そんな、子供だましみたいな、おとぎ話を聞いたことがある。
「フィオレ? どうしたのですか、そんな、かおをして……」
私は泣きながら、冷えていく手にすがりつく。
「なにか、かなしいことがあったのですか……?」
こんな最期の時になってまで、私は愛しい人を心配させたままで。
「なにか、こわいゆめでも、みたのですか……?」
為すすべもなく、大切な人が夜空に瞬く星のように、手の届かないところにいくのを見守っている。

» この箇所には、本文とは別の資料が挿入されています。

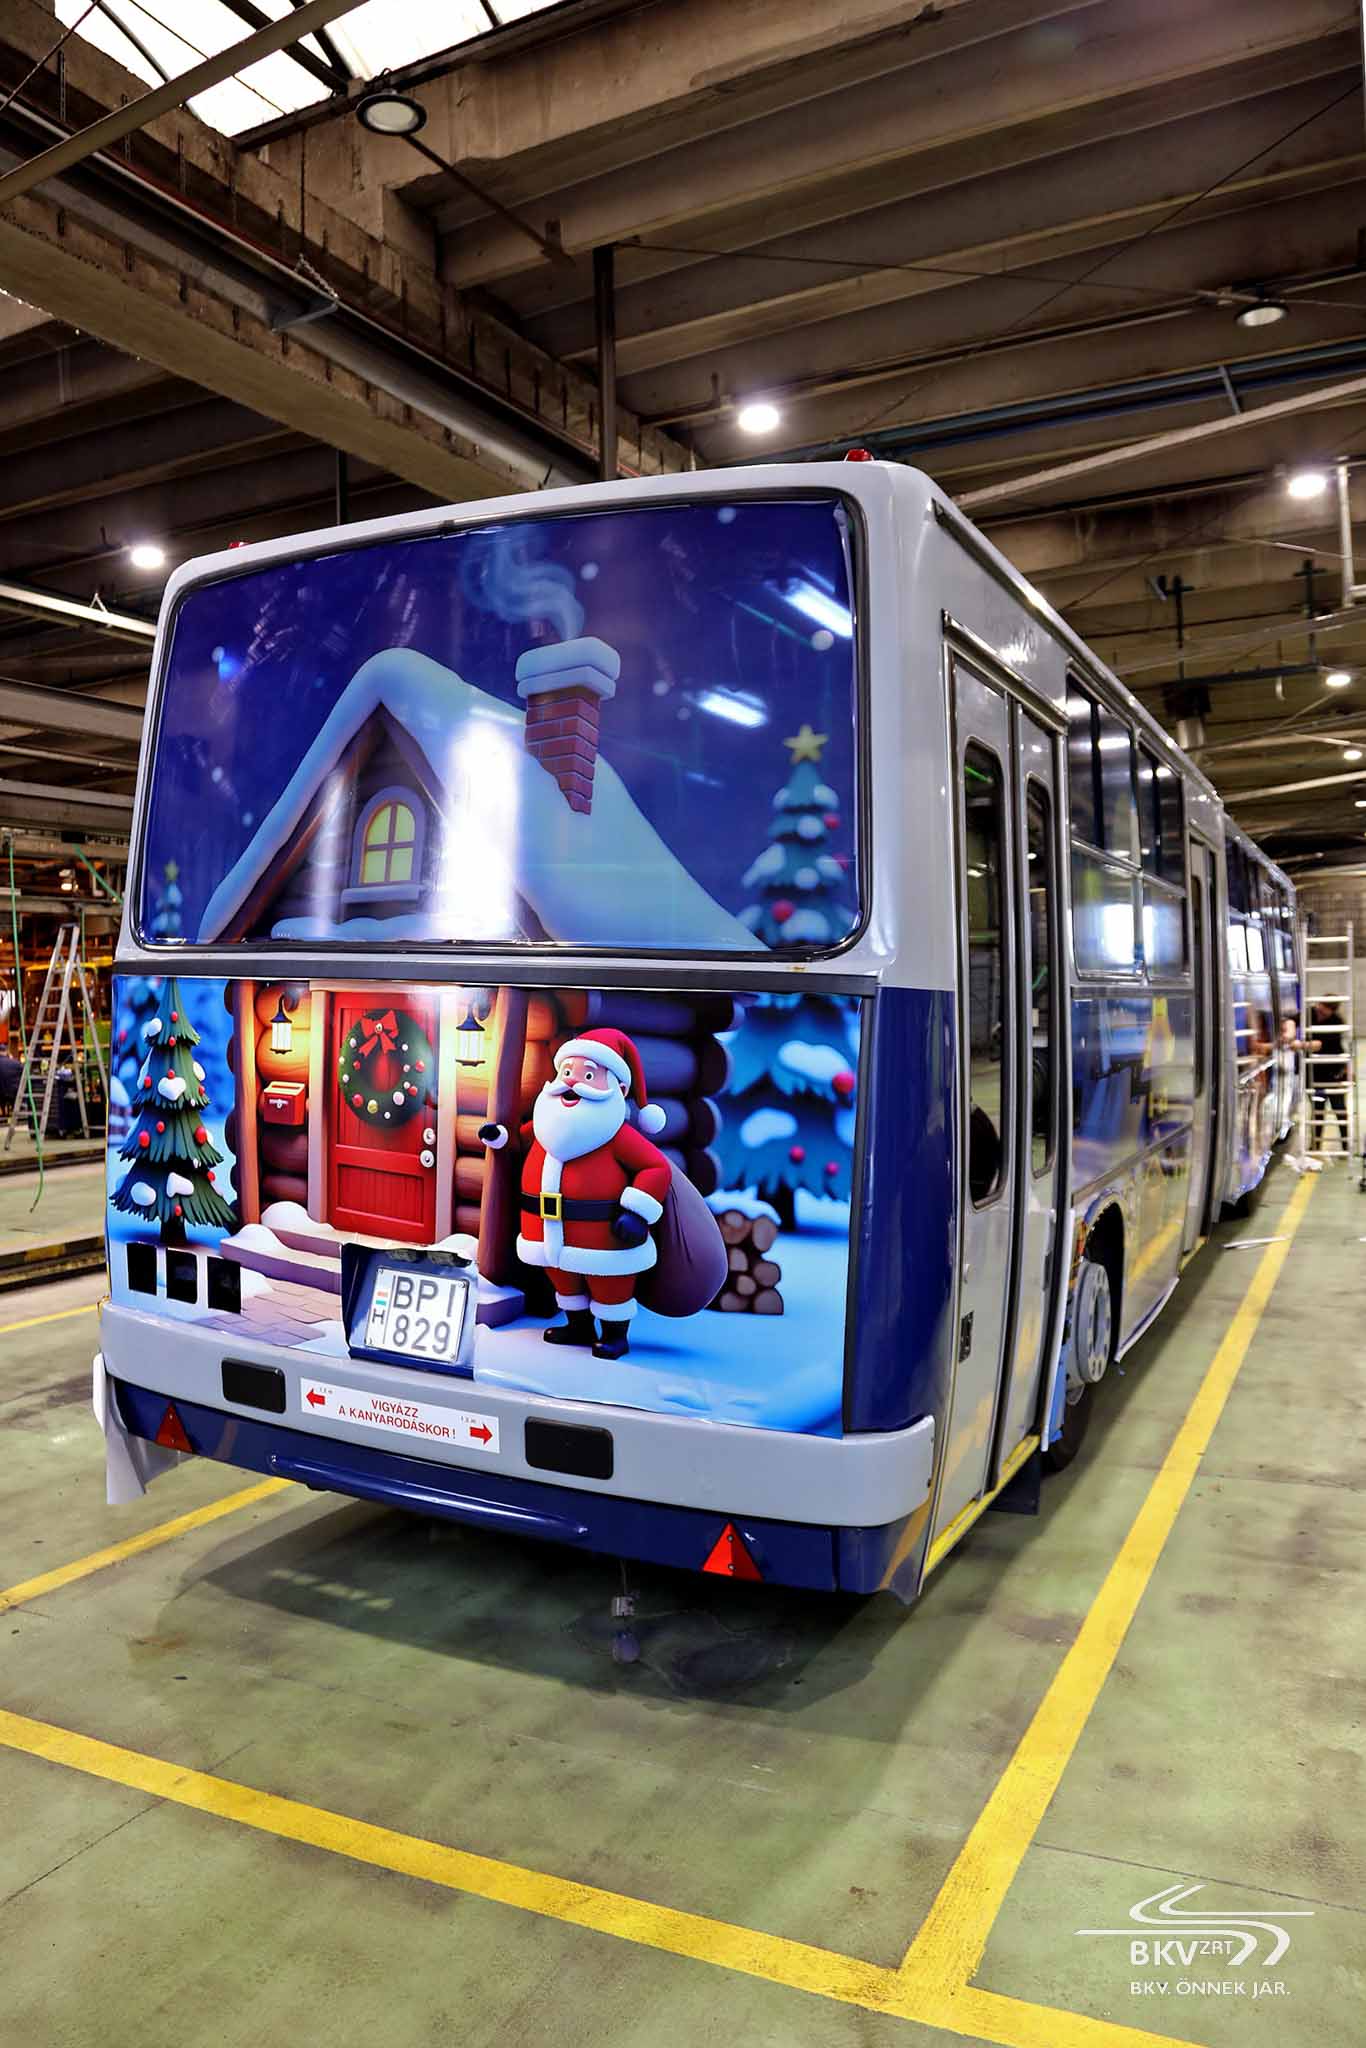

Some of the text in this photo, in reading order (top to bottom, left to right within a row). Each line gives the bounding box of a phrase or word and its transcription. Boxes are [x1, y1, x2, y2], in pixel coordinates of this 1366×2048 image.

「だいじょうぶ、です……――は、ここにいますよ……」
思えばこの数ヶ月、多くの死と向き合った日々だった。
父のように慕っていた人を失い。
化け物が死神にさらわれるのを見守り。
岩の巨人の火葬を見送り。
助けた命を残酷に奪われ。
永遠を目指した不滅の求道者の終着を見届けた。
そして今まさに消え去ろうとしているこの人に、私は、なにができるんだろう。
どうしたら、安心させてあげられるんだろう。
「――――フィオレ」
その声に、背中を支えられる。
できることなんて、とっくにわかってる。
この人は間違ってなかったって、示してあげればいいんだって。
あとはただ、私が頑張るだけ。いつもと同じように、一生懸命に。
「………………」
今日までの出来事を振り返る。その眩しさに力をもらいながら、胸を張る。
――――さあ。今こそ、証明の時。